▶ EXERCISE INSTRUCTIONS: Nothing but the exact text of the entries should appear in your answer; pictures stay out.

▶ DATA PROVIDED:
◆ ◆ ◆ ◆
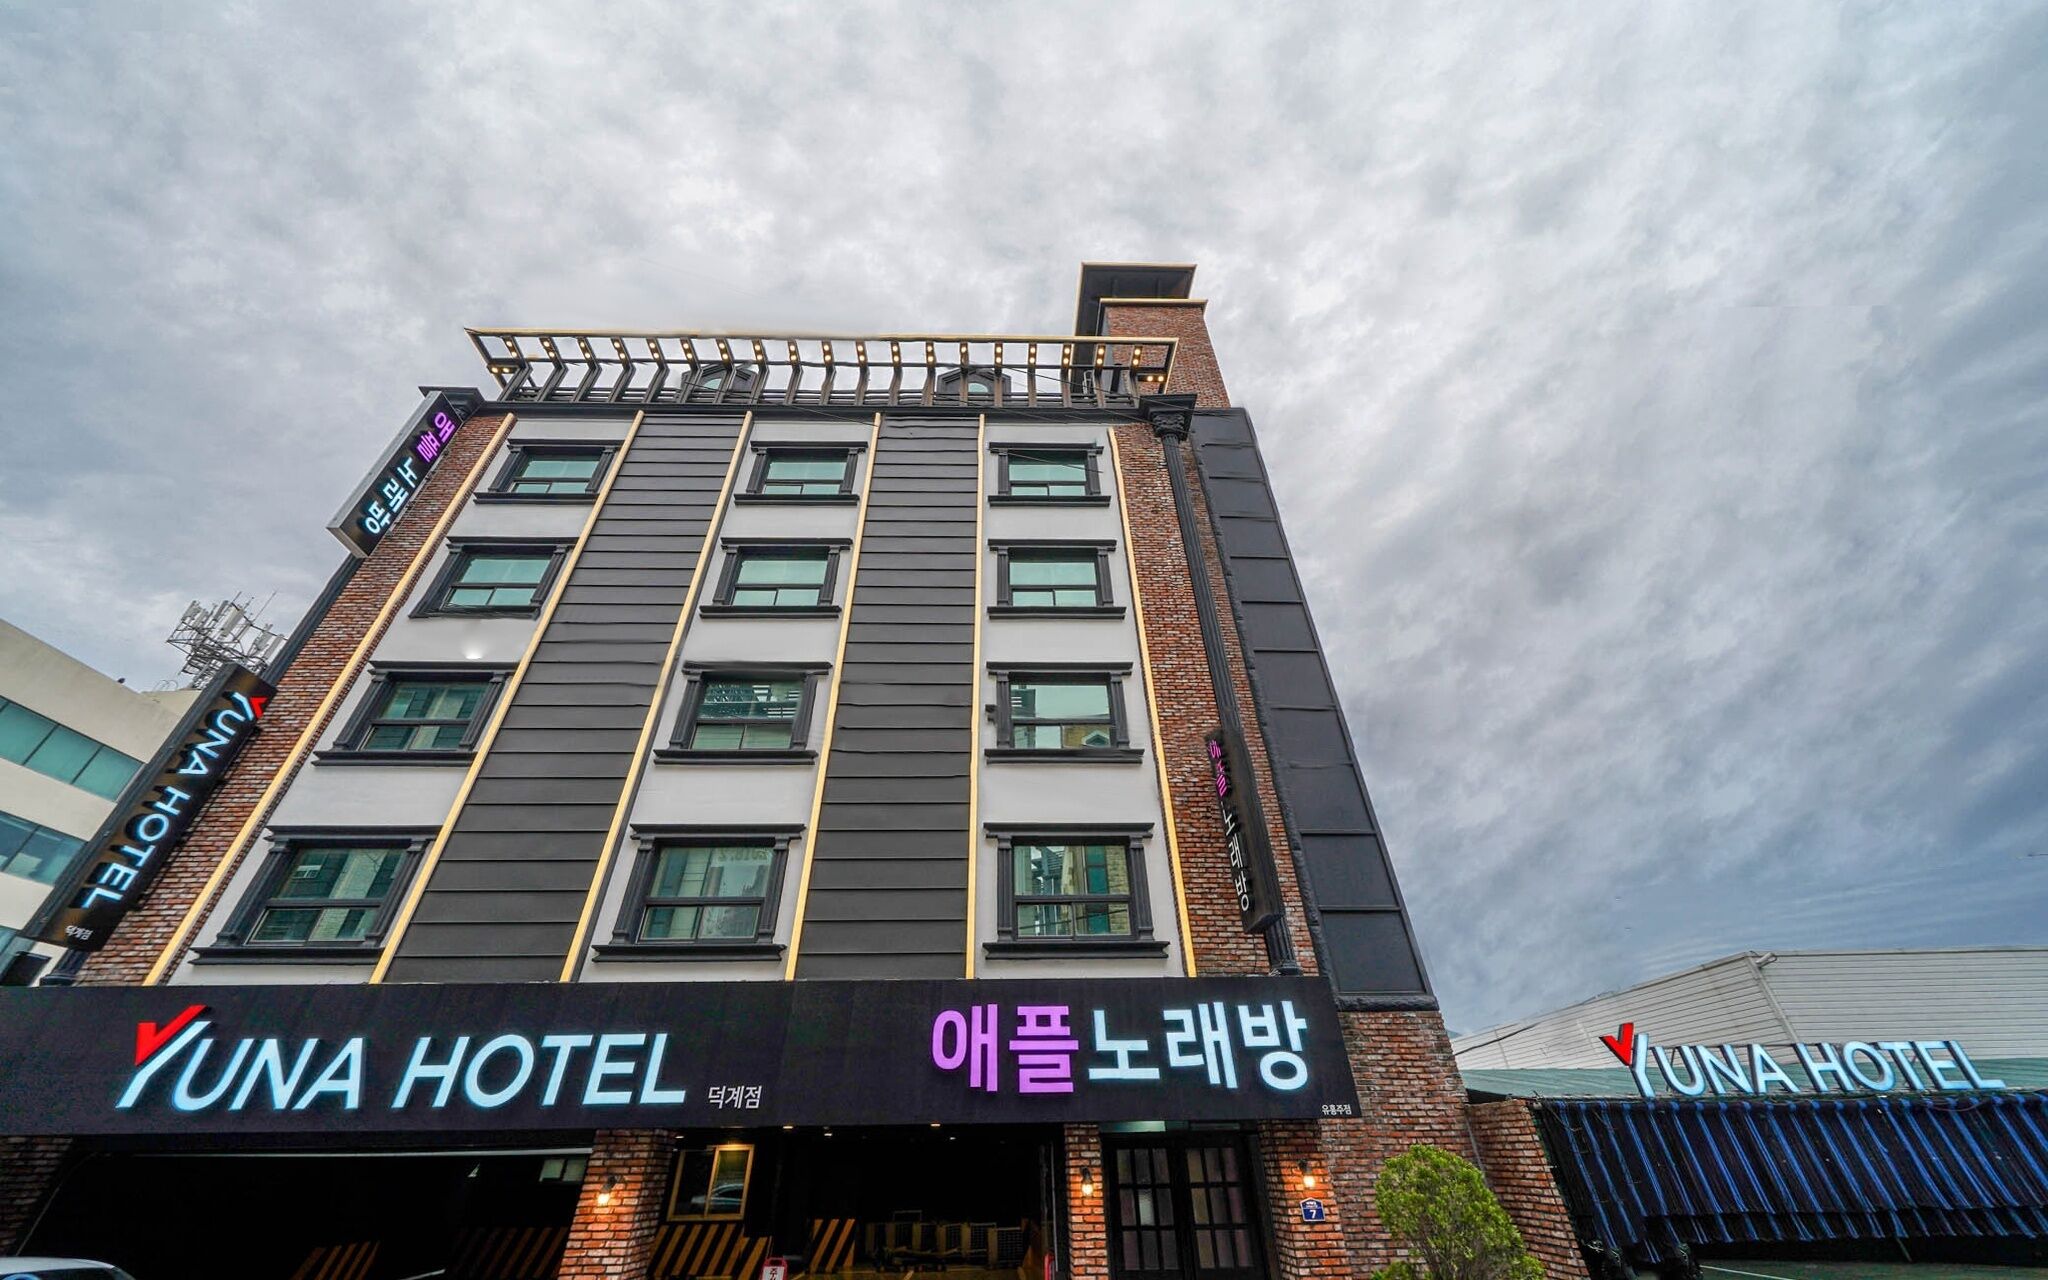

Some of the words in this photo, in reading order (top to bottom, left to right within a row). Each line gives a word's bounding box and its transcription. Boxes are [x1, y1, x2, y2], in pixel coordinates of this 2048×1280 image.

[177, 691, 268, 776] YUNA
[82, 785, 192, 910] HOTEL
[116, 1004, 363, 1110] YUNA
[392, 1034, 686, 1107] HOTEL
[932, 1001, 1308, 1093] 애플노래방
[1600, 1022, 1801, 1098] YUNA
[1794, 1040, 2007, 1091] HOTEL
[708, 1085, 763, 1109] 덕계점
[1321, 1104, 1353, 1116] 유흥주점
[1309, 1209, 1317, 1219] 7
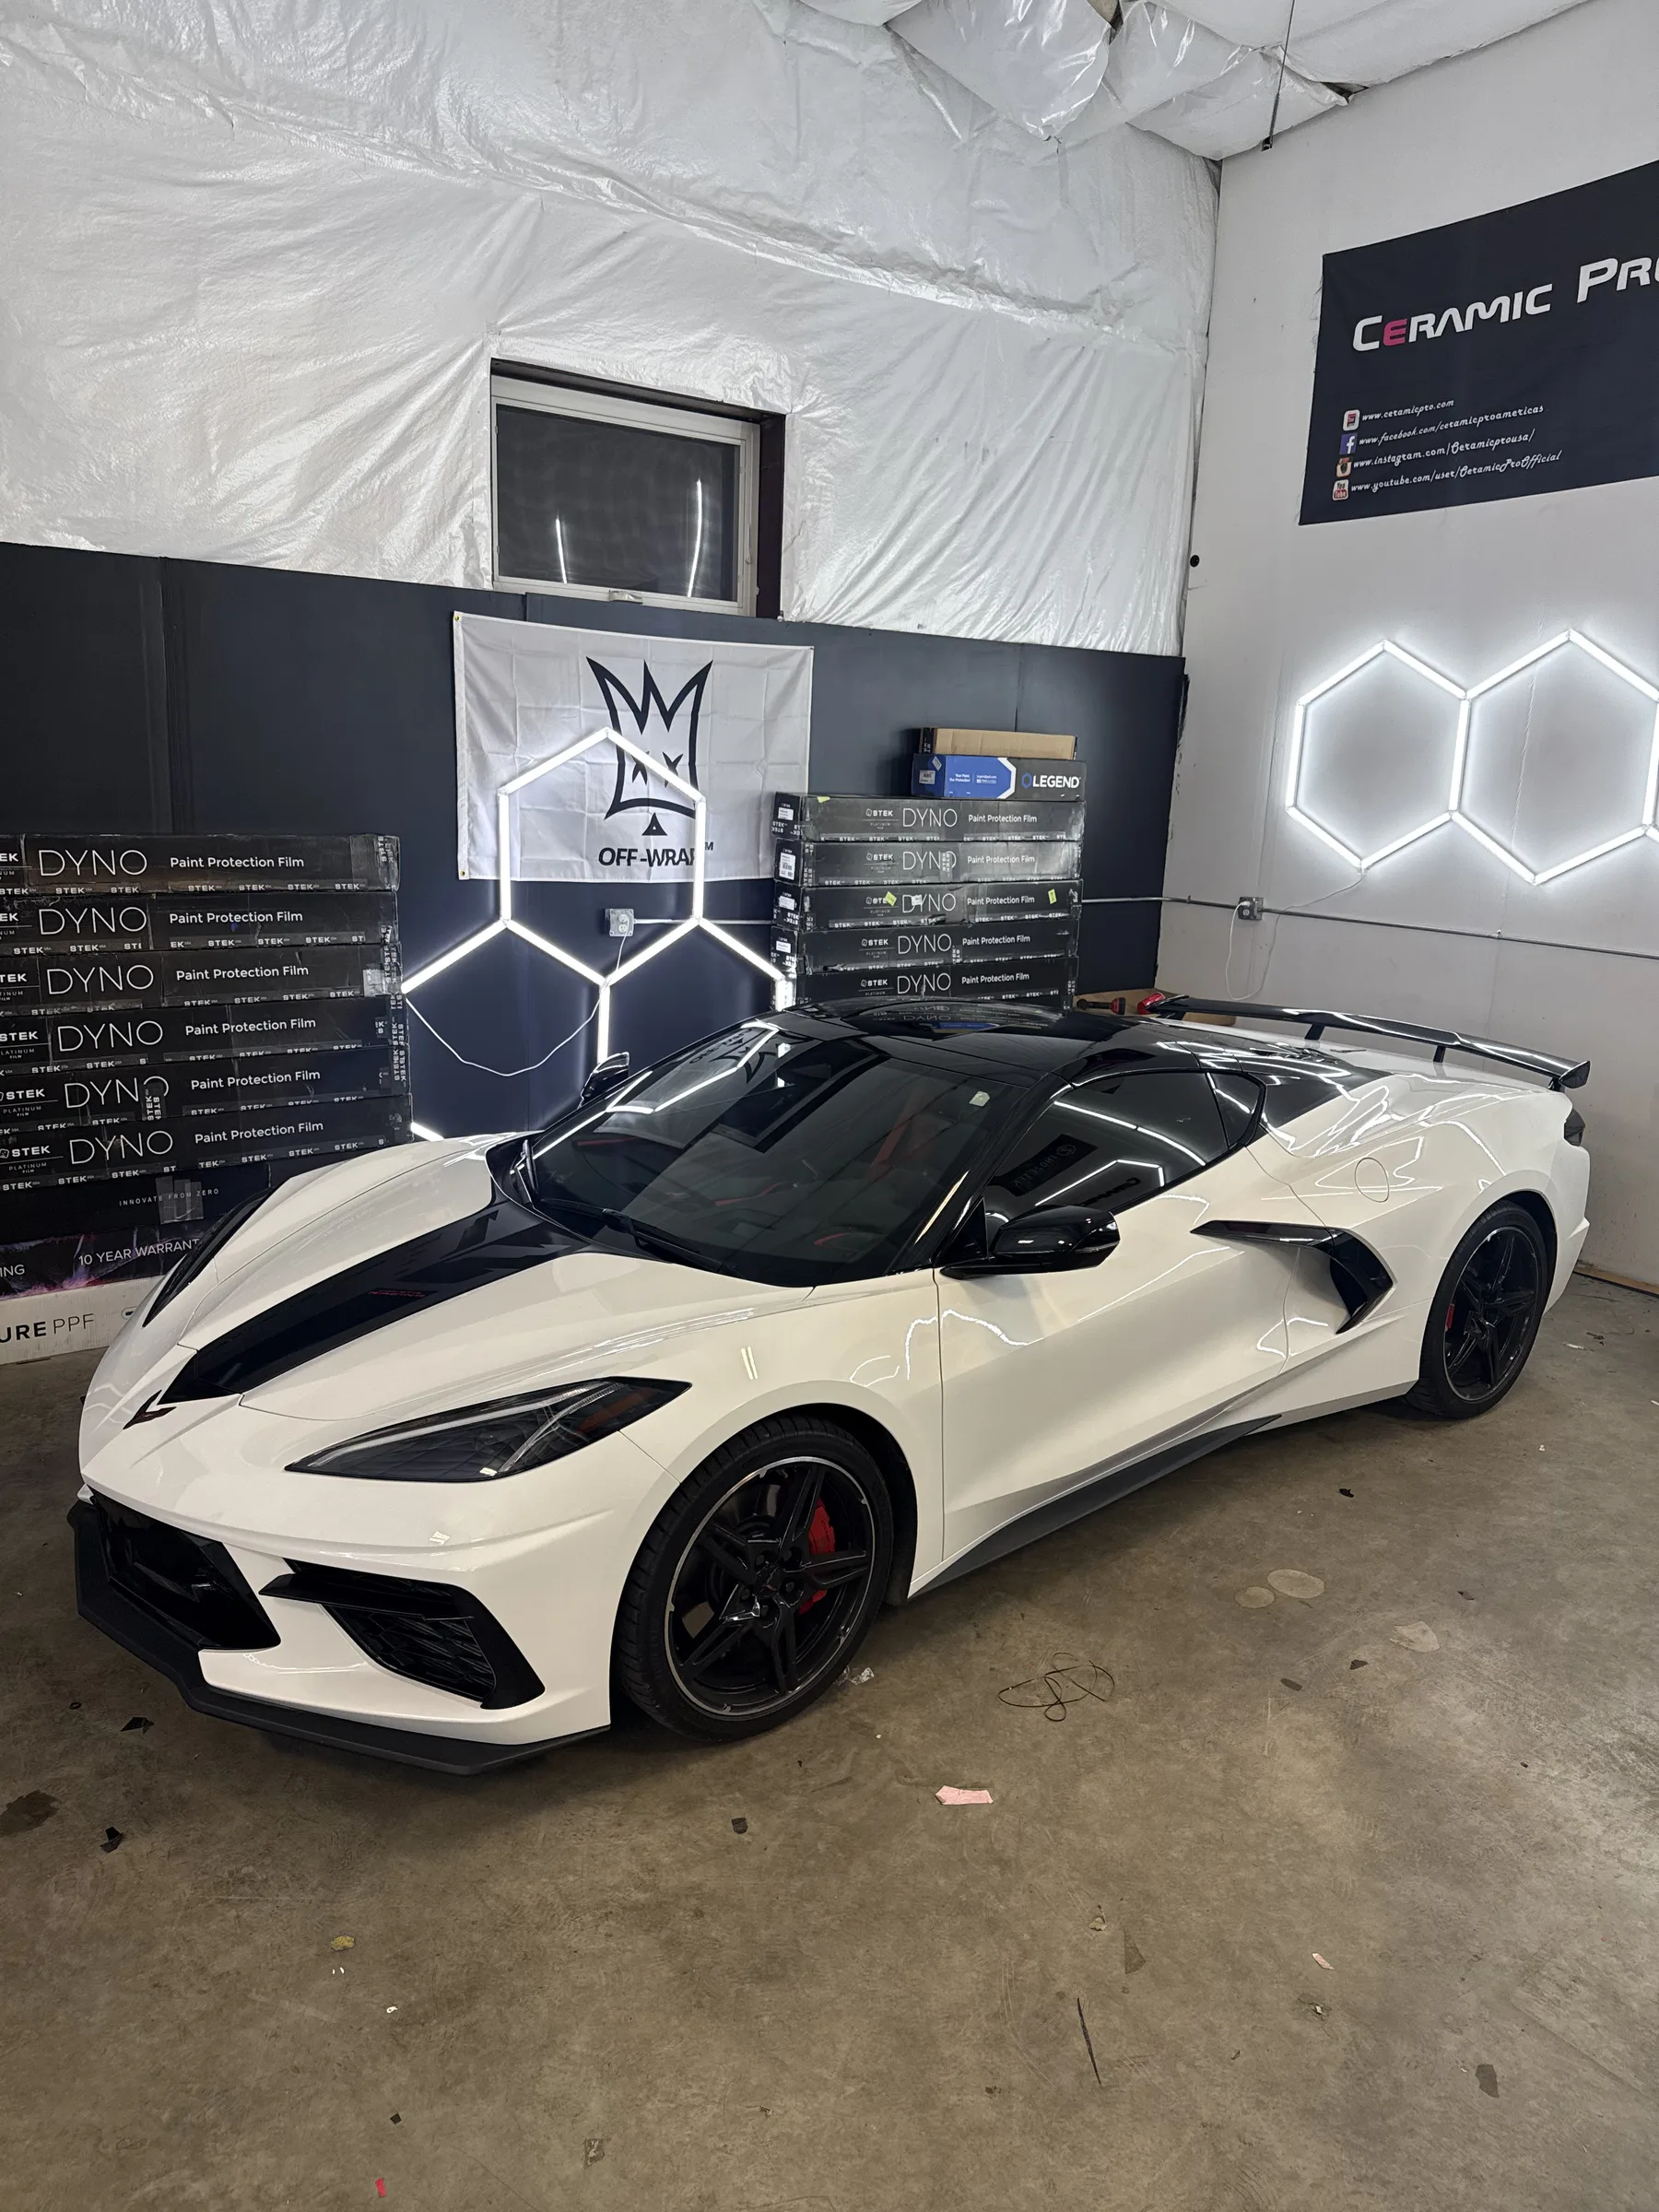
◆ ◆ ◆ ◆
▶ RESULT BELOW:
Some of the words in this photo, in reading order (top to bottom, left to right within a row). Each line gives a word's bounding box and its transcription. Boxes are [x1, y1, x2, y2], in pixel coordinates of this 2048×1280 image.

[177, 691, 268, 776] YUNA
[82, 785, 192, 910] HOTEL
[116, 1004, 363, 1110] YUNA
[392, 1034, 686, 1107] HOTEL
[932, 1001, 1308, 1093] 애플노래방
[1600, 1022, 1801, 1098] YUNA
[1794, 1040, 2007, 1091] HOTEL
[708, 1085, 763, 1109] 덕계점
[1321, 1104, 1353, 1116] 유흥주점
[1309, 1209, 1317, 1219] 7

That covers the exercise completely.